Le réveil sonne. Je reviens durement à la réalité. J'écoute le silence du vide qui plane autour de moi. Les murs resonnent de solitudes, les meubles crient leur desespoir. Je me lève, doucement d'abord. Ce long tee shirt au parfum si masculin me tombe sur les genoux, sentant son léger coton sur ma peau. Un etirement rapide. J'attrape ma boite de carton aux couleurs rouges et blanches, si vide elle aussi. Je me dirige vers la cuisine, approche de mon exutoire cette flamme d'espoir qui éveille le début de cette nouvelle journée.

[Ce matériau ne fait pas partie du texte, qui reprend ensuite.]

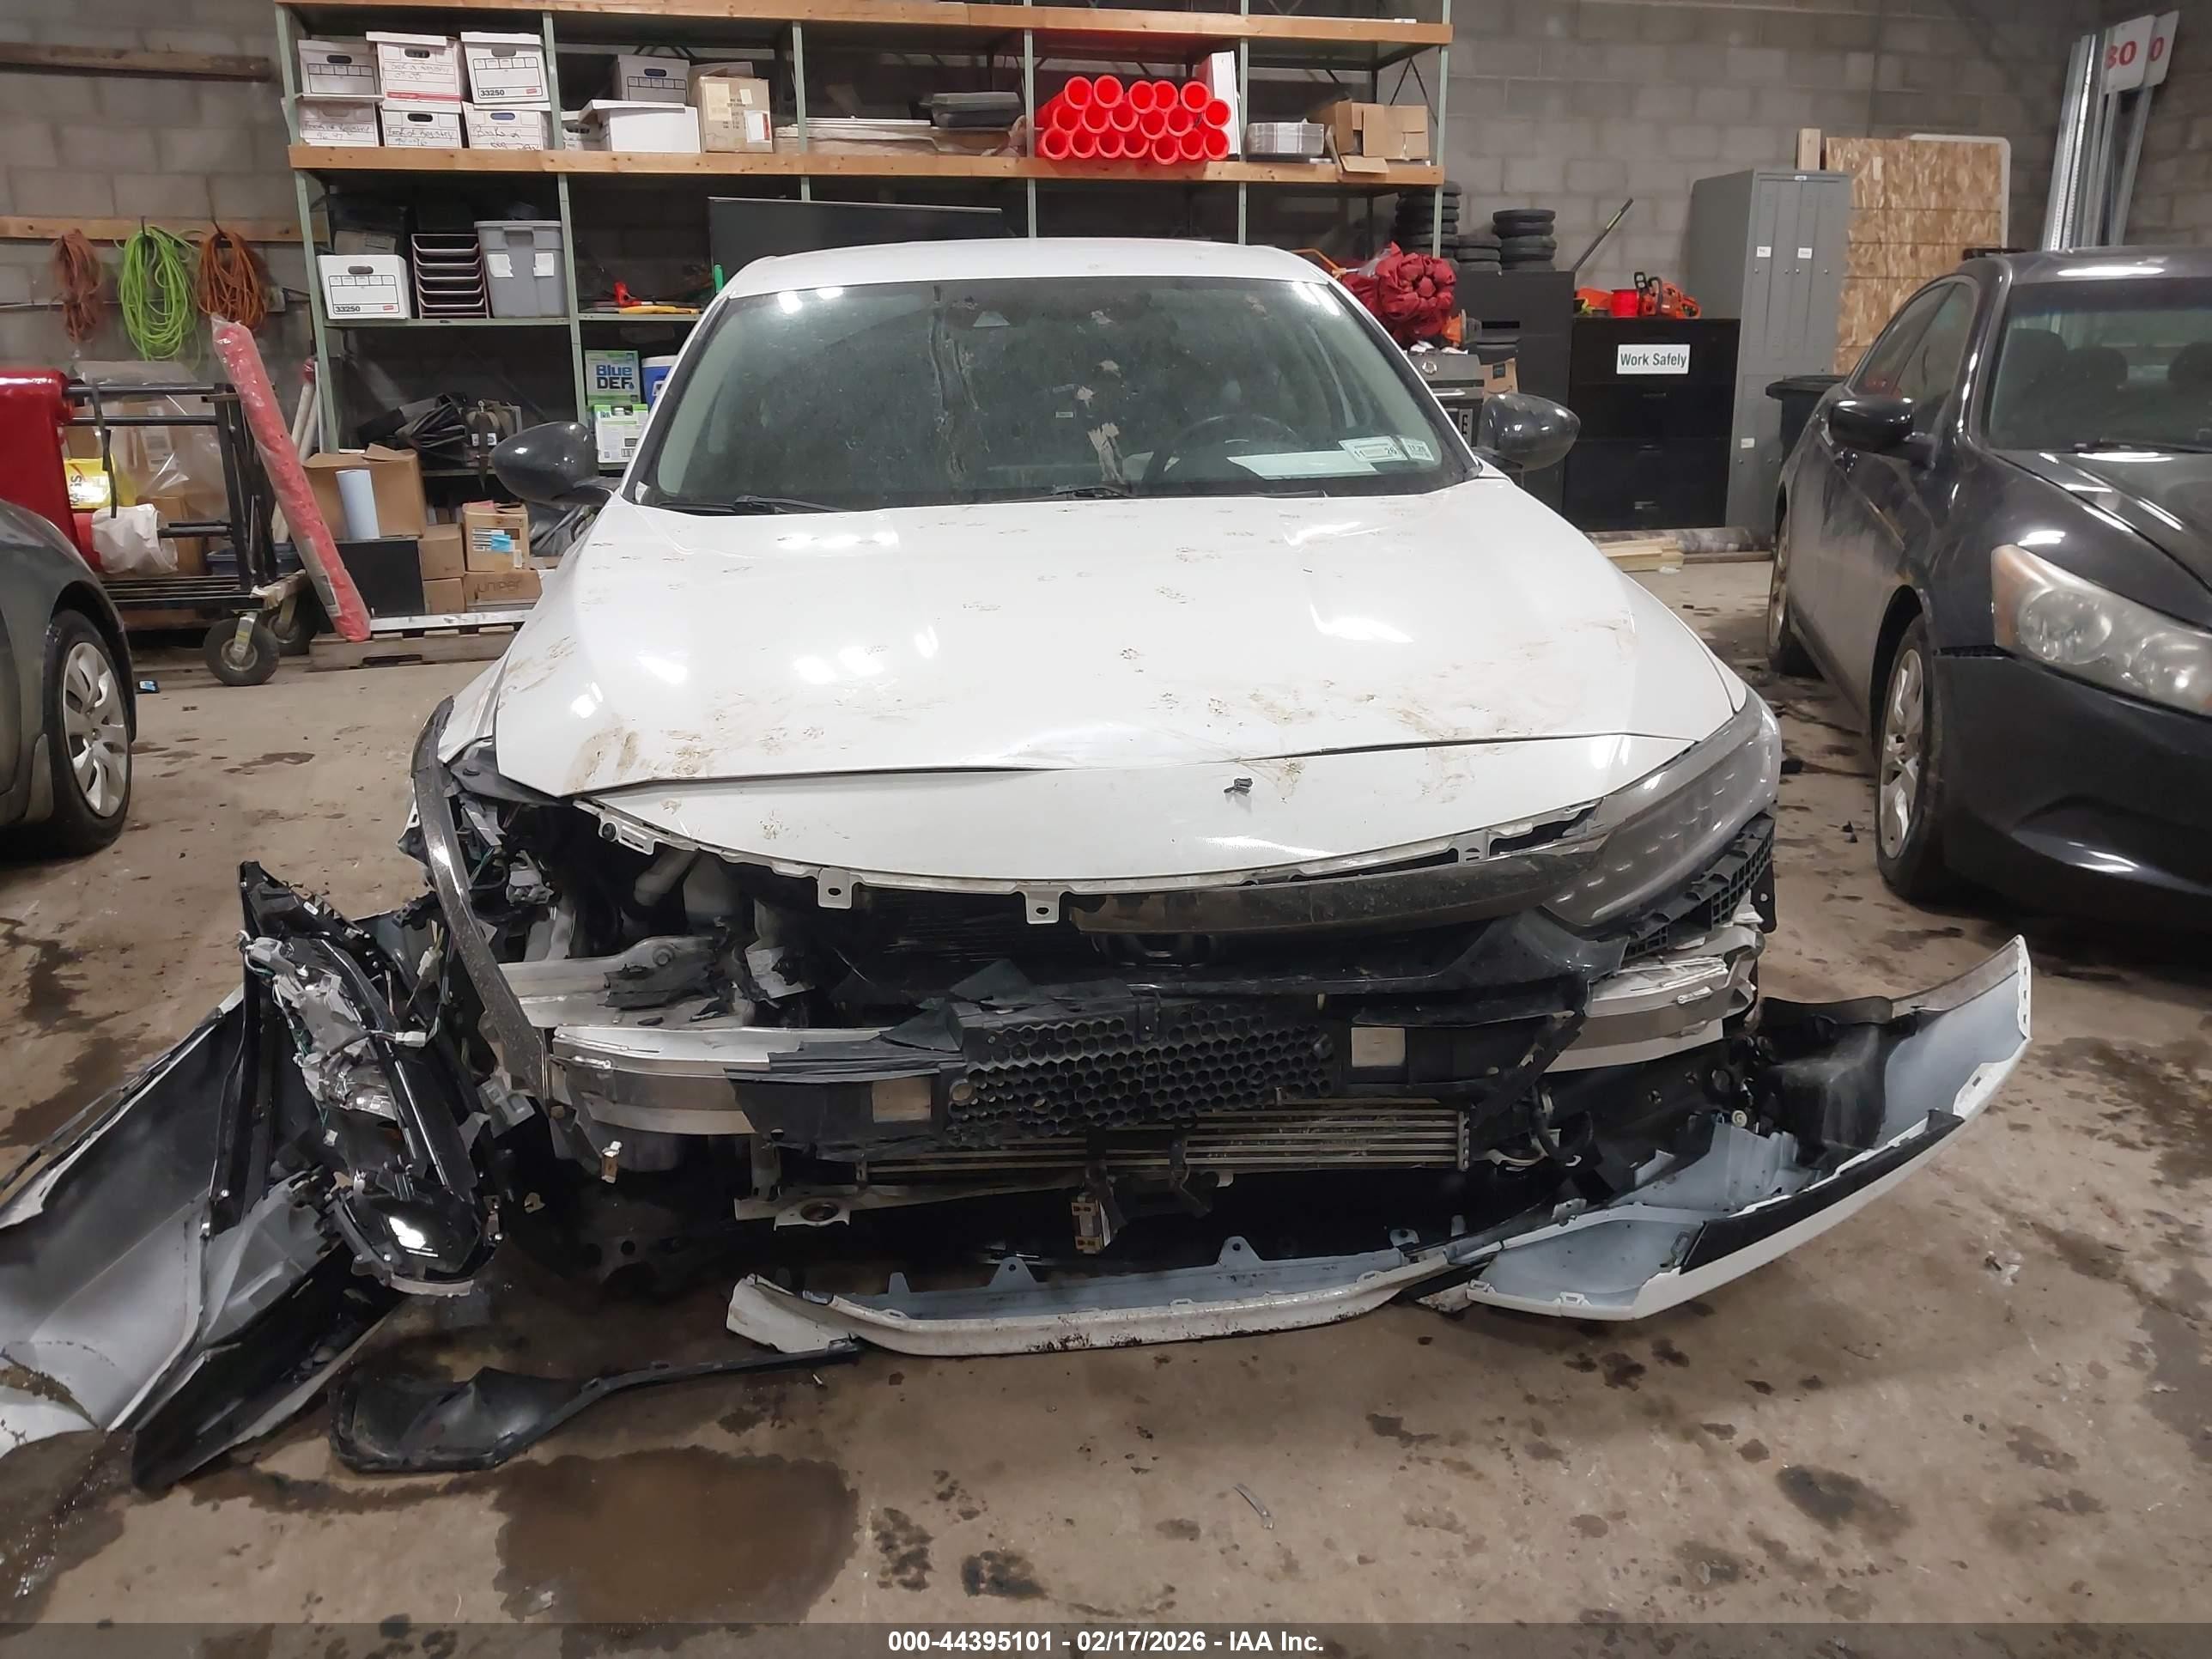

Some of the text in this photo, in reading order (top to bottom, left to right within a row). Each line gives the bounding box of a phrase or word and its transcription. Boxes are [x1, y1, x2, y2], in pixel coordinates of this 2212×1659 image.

[1620, 352, 1686, 368] Work Safely
[596, 364, 632, 376] Blue
[597, 377, 632, 389] DEF
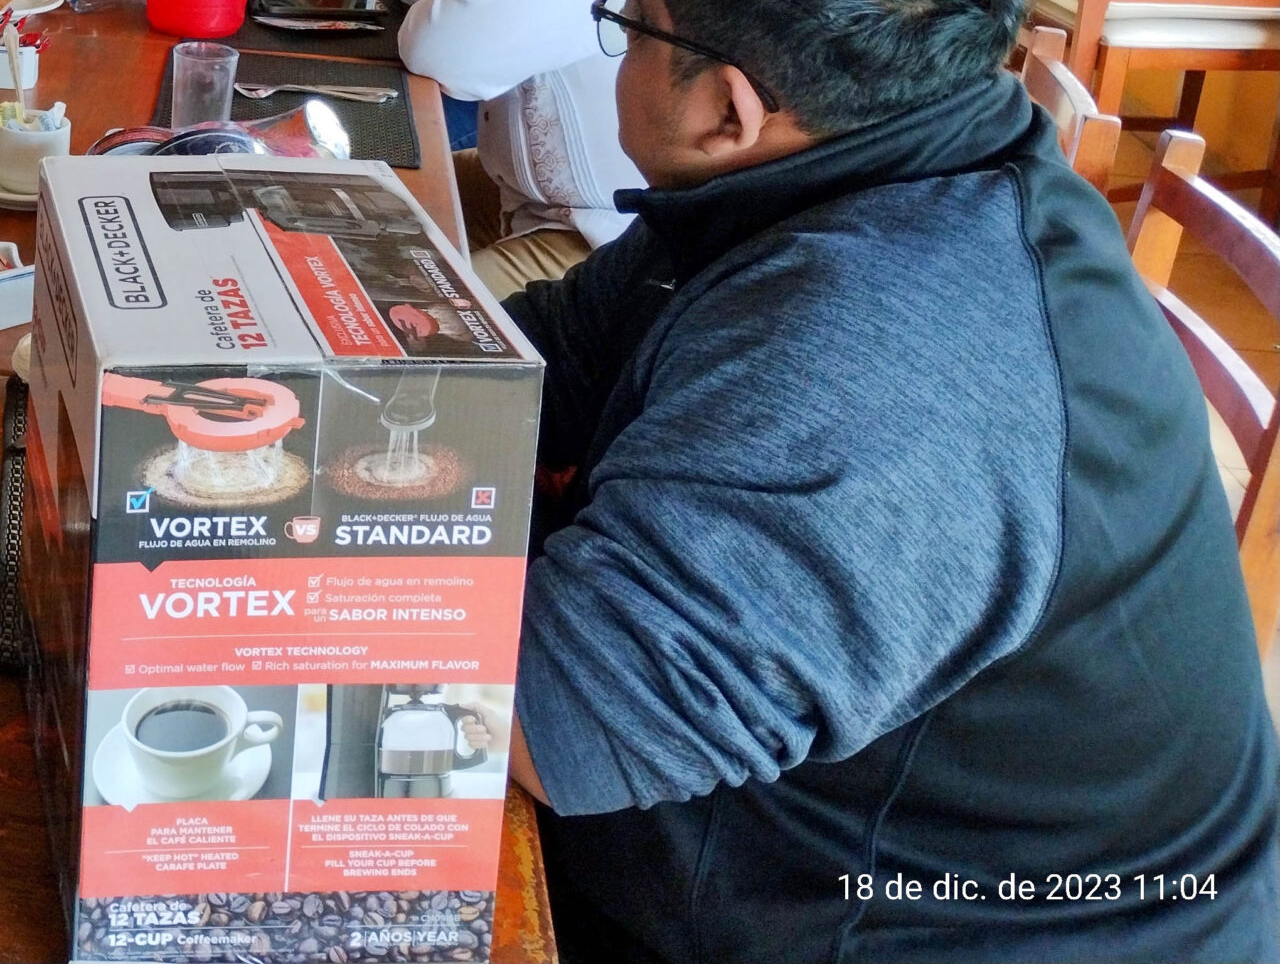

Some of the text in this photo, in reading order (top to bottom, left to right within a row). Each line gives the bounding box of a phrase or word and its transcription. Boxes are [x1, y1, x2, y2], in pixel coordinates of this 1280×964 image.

[94, 200, 150, 303] BLACK+DECKER
[421, 257, 460, 299] STANDARD
[304, 256, 372, 346] TECNOLOGÍA VORTEX
[213, 277, 268, 350] 12 TAZAS
[195, 289, 235, 350] Cafetera de
[457, 310, 493, 348] VORTEX
[420, 515, 449, 523] FLUJO
[465, 514, 492, 523] AGUA
[150, 516, 317, 538] VORTEX VS
[335, 525, 492, 545] STANDARD
[139, 537, 277, 549] FLUJO DE AGUA EN REMOLINO
[170, 574, 256, 589] TECNOLOGÍA
[326, 577, 355, 587] Flujo
[358, 577, 372, 586] de
[375, 579, 404, 588] agua
[424, 577, 474, 586] remolino
[325, 593, 442, 605] Saturación completa
[139, 590, 296, 620] VORTEX
[304, 608, 327, 618] para
[330, 609, 466, 621] SABOR INTENSO
[314, 615, 327, 623] un
[235, 646, 368, 657] VORTEX TECHNOLOGY
[138, 660, 480, 675] Optimal water flow Rich saturation for MAXIMUM FLAVOR
[176, 818, 208, 826] PLACA
[311, 815, 341, 823] LLENE
[359, 814, 385, 822] TAZA
[386, 814, 418, 822] ANTES
[421, 814, 433, 822] DE
[436, 815, 458, 823] QUE
[151, 826, 233, 836] PARA MANTENER
[299, 824, 341, 832] TERMINE
[343, 824, 355, 832] EL
[357, 824, 386, 832] CICLO
[403, 824, 445, 832] COLADO
[447, 824, 469, 832] CON
[146, 835, 236, 845] EL CAFÉ CALIENTE
[312, 833, 454, 841] EL DISPOSITIVO SNEAK-A-CUP
[201, 852, 239, 861] HEATED
[349, 850, 415, 858] SNEAK-A-CUP
[156, 862, 227, 871] CARAFE PLATE
[347, 859, 374, 867] YOUR
[376, 859, 396, 867] CUP
[398, 859, 437, 867] BEFORE
[343, 868, 417, 877] BREWING ENDS
[108, 901, 187, 912] Cafetera de
[108, 912, 201, 927] 12 TAZAS
[108, 933, 258, 947] 12-CUP Coffeemaker
[350, 929, 459, 947] 2 AÑOS YEAR
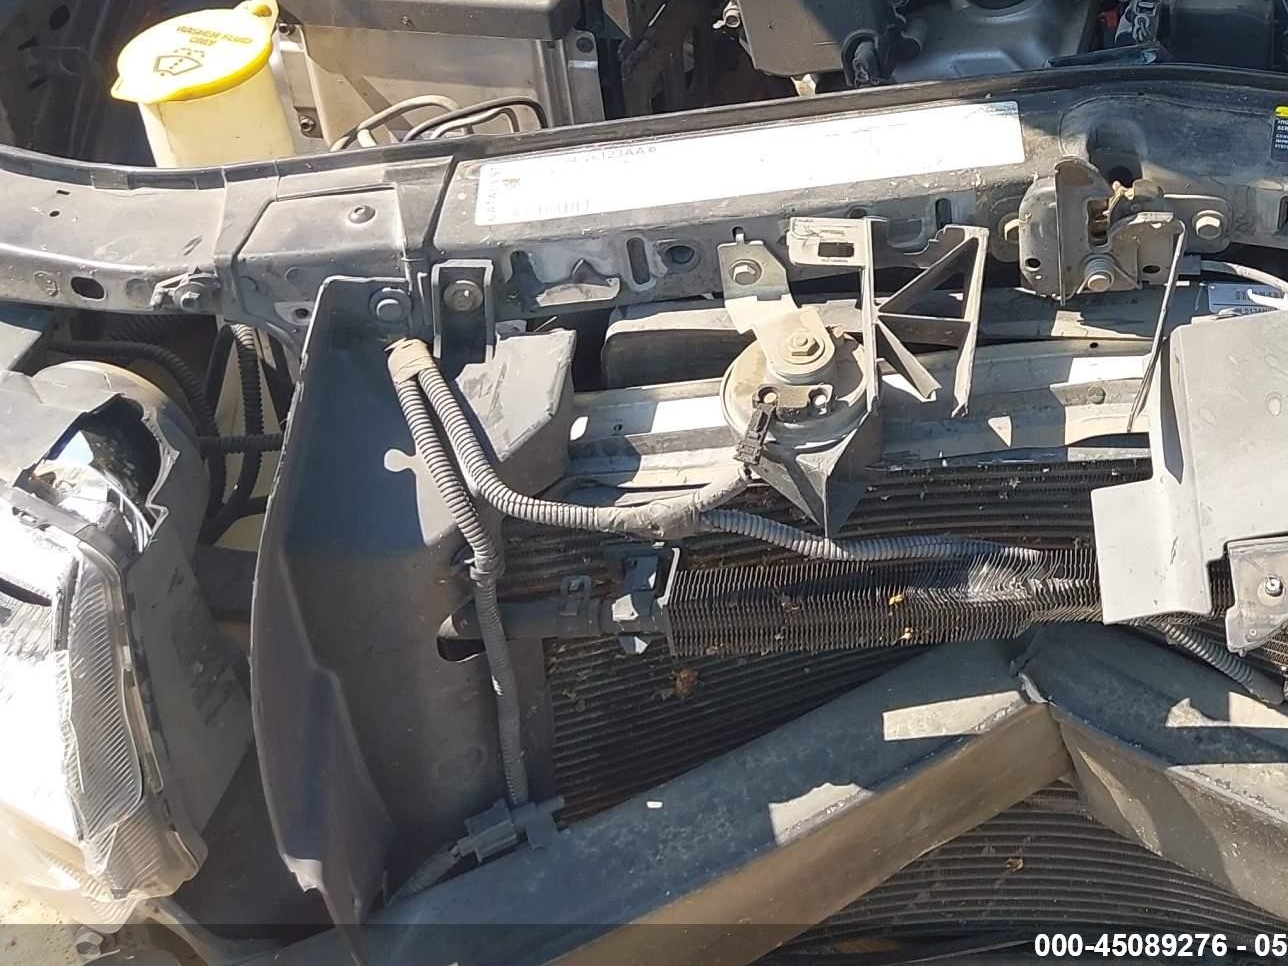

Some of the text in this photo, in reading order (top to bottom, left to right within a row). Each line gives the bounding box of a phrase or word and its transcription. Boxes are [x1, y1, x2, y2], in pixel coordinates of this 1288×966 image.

[177, 25, 253, 44] WASHER FLUID
[189, 36, 217, 46] ONLY
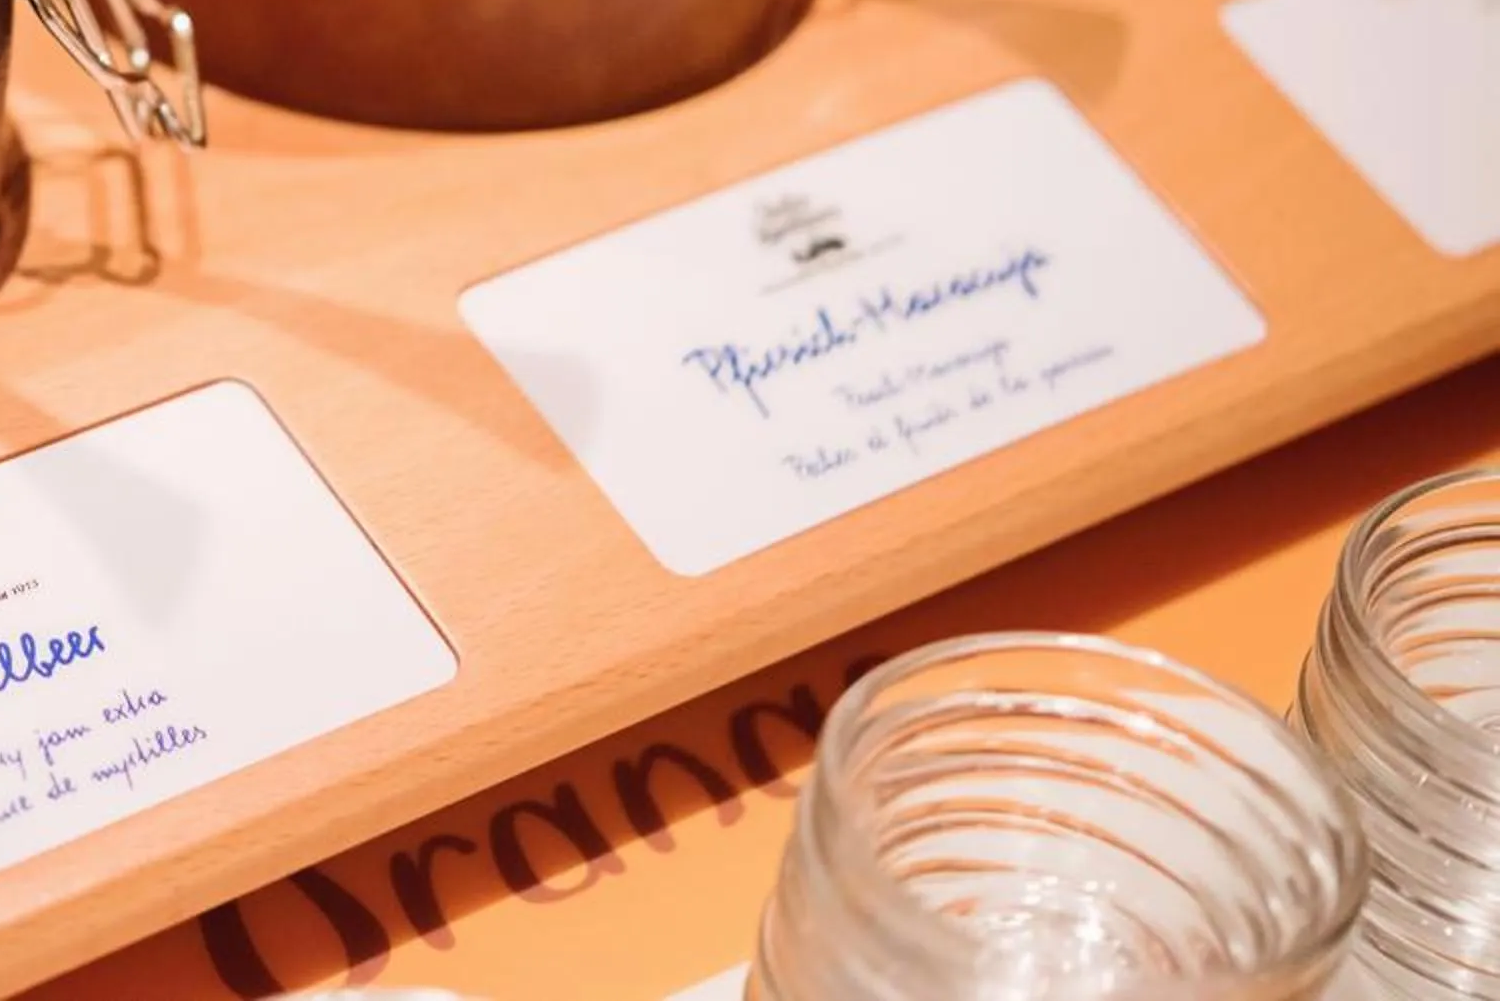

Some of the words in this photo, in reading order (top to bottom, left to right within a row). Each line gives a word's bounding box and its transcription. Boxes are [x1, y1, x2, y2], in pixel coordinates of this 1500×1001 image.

[37, 723, 92, 766] jam
[102, 690, 168, 724] extra
[47, 772, 78, 801] de
[199, 654, 890, 998] Oran

J'aspire cette fumée de rêve pour entrer dans la réalité. J'ouvre les placards et en sort mon matériel requis pour m'éveiller, sereine. Un bol de lait froid et un cuillère de miel. L'automne a emporté la chaleur de vivre et nous a laissé la fraicheur des matins, où la brise frappe votre visage blanc, rougit par les coups. Une quinte de toux me prend. Par culpabilité j'écrase le reste de mon bon plaisir du réveil, laissant s'envoler mes sentiments et états d'âme.
Je passe sous la douche, me lave de tout mes remords de la nuit. J'en sors, la buée occupant tout l'espace de ma salle d'eau close. Ni fenetre, ni aération. Seule la porte, fermée, se dresse à mes côtès. Je nettoie mon mirroir brumeux, et y aperçois cette silhouette pâle cheveux mouillés ruisselant de petites perles le long de mon corps. " Bonjour V. "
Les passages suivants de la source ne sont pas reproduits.